TASK DETAILS
In your copy of the data, omit the pictures and keep all else exactly as given.

(Saved data entries)

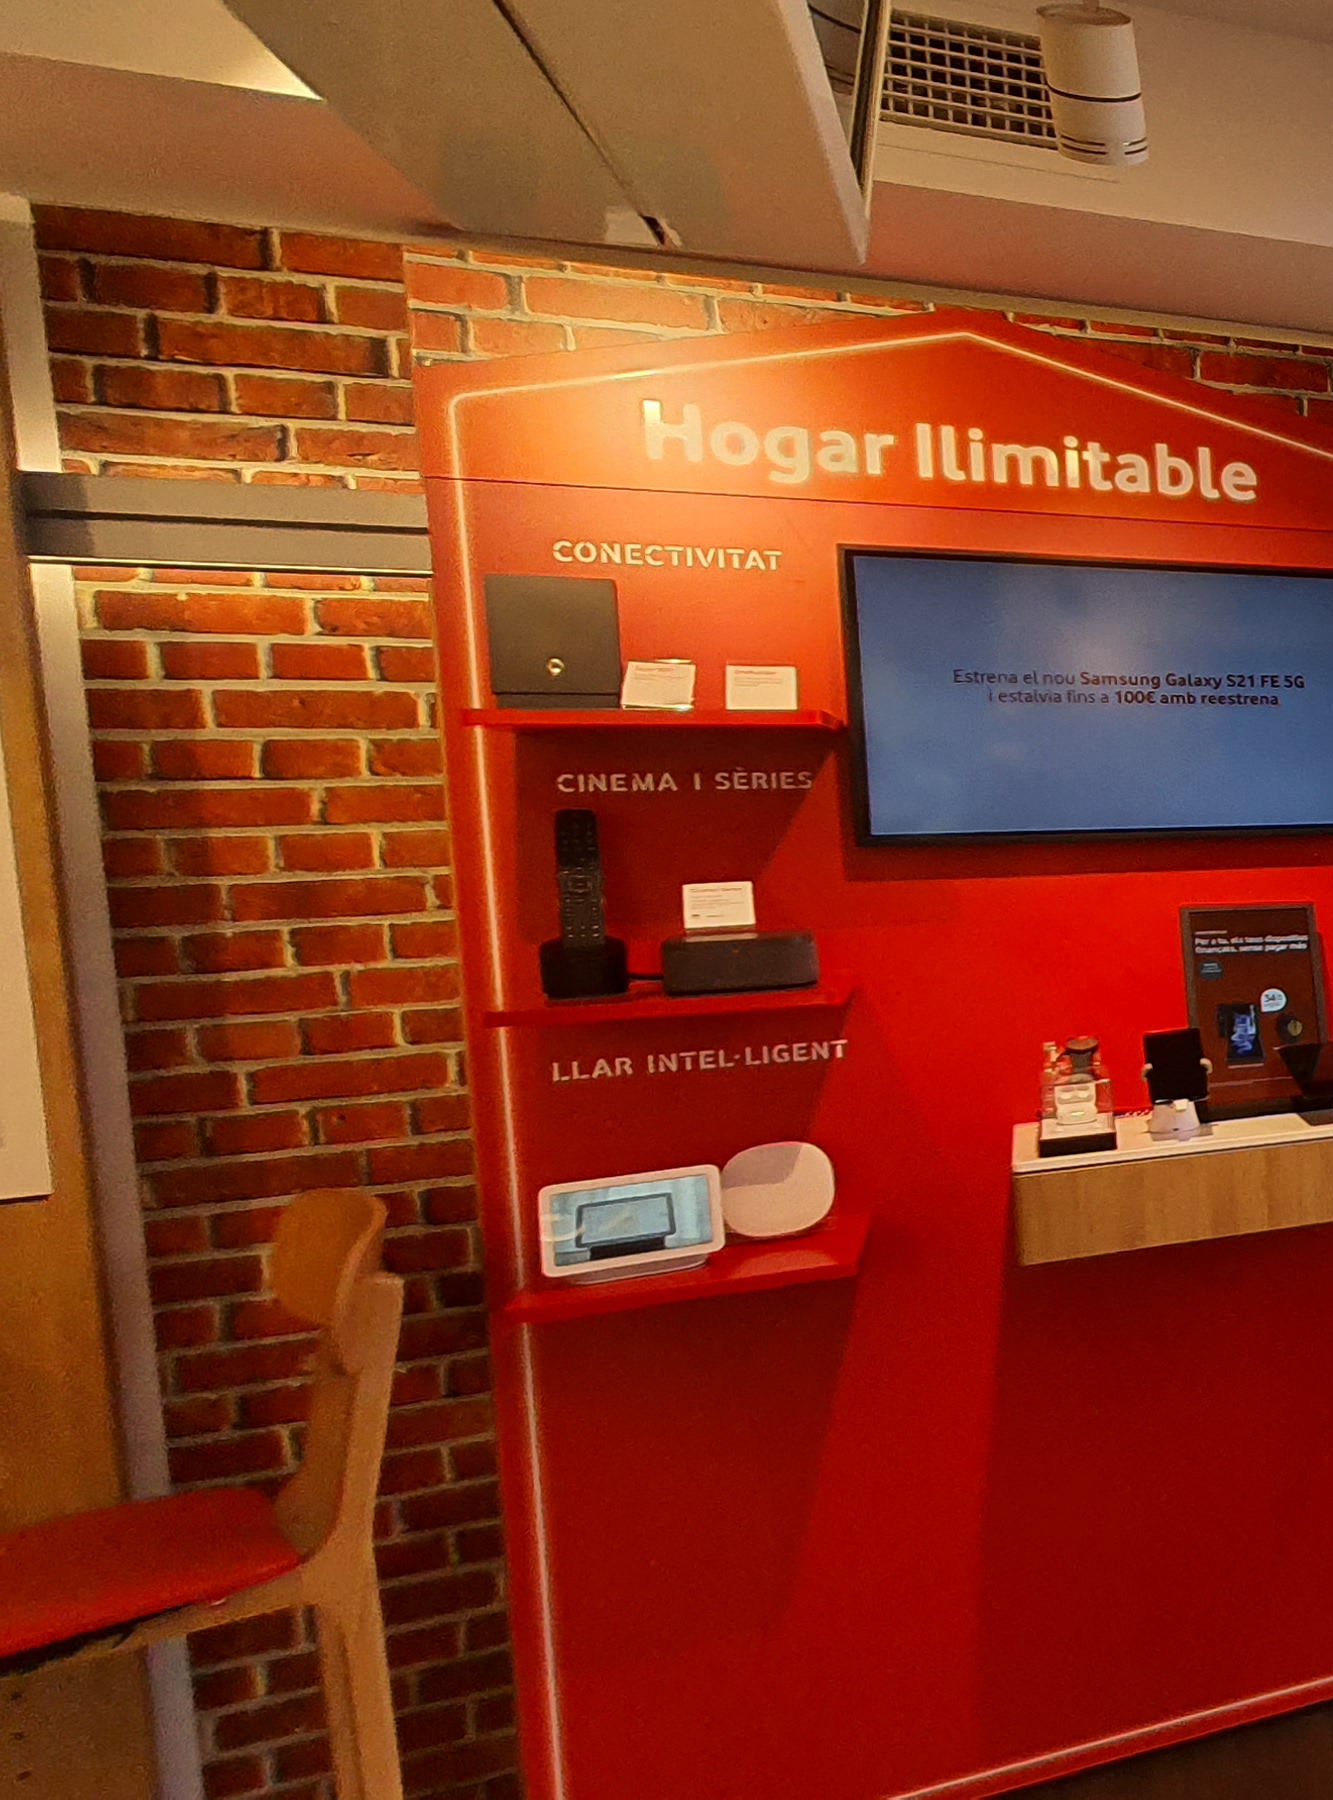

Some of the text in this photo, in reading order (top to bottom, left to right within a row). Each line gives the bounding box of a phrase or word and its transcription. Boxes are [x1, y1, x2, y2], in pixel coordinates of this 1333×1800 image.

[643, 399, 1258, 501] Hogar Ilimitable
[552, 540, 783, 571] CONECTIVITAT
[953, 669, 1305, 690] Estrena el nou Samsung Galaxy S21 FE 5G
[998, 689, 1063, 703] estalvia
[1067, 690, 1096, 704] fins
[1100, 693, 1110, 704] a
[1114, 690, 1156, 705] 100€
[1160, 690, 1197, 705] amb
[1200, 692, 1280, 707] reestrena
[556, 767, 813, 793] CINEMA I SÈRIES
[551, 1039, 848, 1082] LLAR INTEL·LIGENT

TASK RESPONSE
Some of the text in this photo, in reading order (top to bottom, left to right within a row). Each line gives the bounding box of a phrase or word and its transcription. Boxes are [x1, y1, x2, y2], in pixel coordinates of this 1333×1800 image.

[643, 399, 1258, 501] Hogar Ilimitable
[552, 540, 783, 571] CONECTIVITAT
[953, 669, 1305, 690] Estrena el nou Samsung Galaxy S21 FE 5G
[998, 689, 1063, 703] estalvia
[1067, 690, 1096, 704] fins
[1100, 693, 1110, 704] a
[1114, 690, 1156, 705] 100€
[1160, 690, 1197, 705] amb
[1200, 692, 1280, 707] reestrena
[556, 767, 813, 793] CINEMA I SÈRIES
[551, 1039, 848, 1082] LLAR INTEL·LIGENT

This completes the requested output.